HOW TO COMPLETE THIS TASK ▸ Print all the entries verbatim.

Source data:

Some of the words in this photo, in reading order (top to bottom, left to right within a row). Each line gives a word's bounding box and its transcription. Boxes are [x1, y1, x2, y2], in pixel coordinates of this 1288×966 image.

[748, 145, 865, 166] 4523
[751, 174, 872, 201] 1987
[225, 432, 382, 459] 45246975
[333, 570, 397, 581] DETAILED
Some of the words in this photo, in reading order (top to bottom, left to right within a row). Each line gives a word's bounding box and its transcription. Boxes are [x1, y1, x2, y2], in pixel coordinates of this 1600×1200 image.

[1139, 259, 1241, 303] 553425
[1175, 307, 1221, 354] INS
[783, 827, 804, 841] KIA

YOUR SOLUTION ▸
Some of the words in this photo, in reading order (top to bottom, left to right within a row). Each line gives a word's bounding box and its transcription. Boxes are [x1, y1, x2, y2], in pixel coordinates of this 1288×966 image.

[748, 145, 865, 166] 4523
[751, 174, 872, 201] 1987
[225, 432, 382, 459] 45246975
[333, 570, 397, 581] DETAILED
Some of the words in this photo, in reading order (top to bottom, left to right within a row). Each line gives a word's bounding box and its transcription. Boxes are [x1, y1, x2, y2], in pixel coordinates of this 1600×1200 image.

[1139, 259, 1241, 303] 553425
[1175, 307, 1221, 354] INS
[783, 827, 804, 841] KIA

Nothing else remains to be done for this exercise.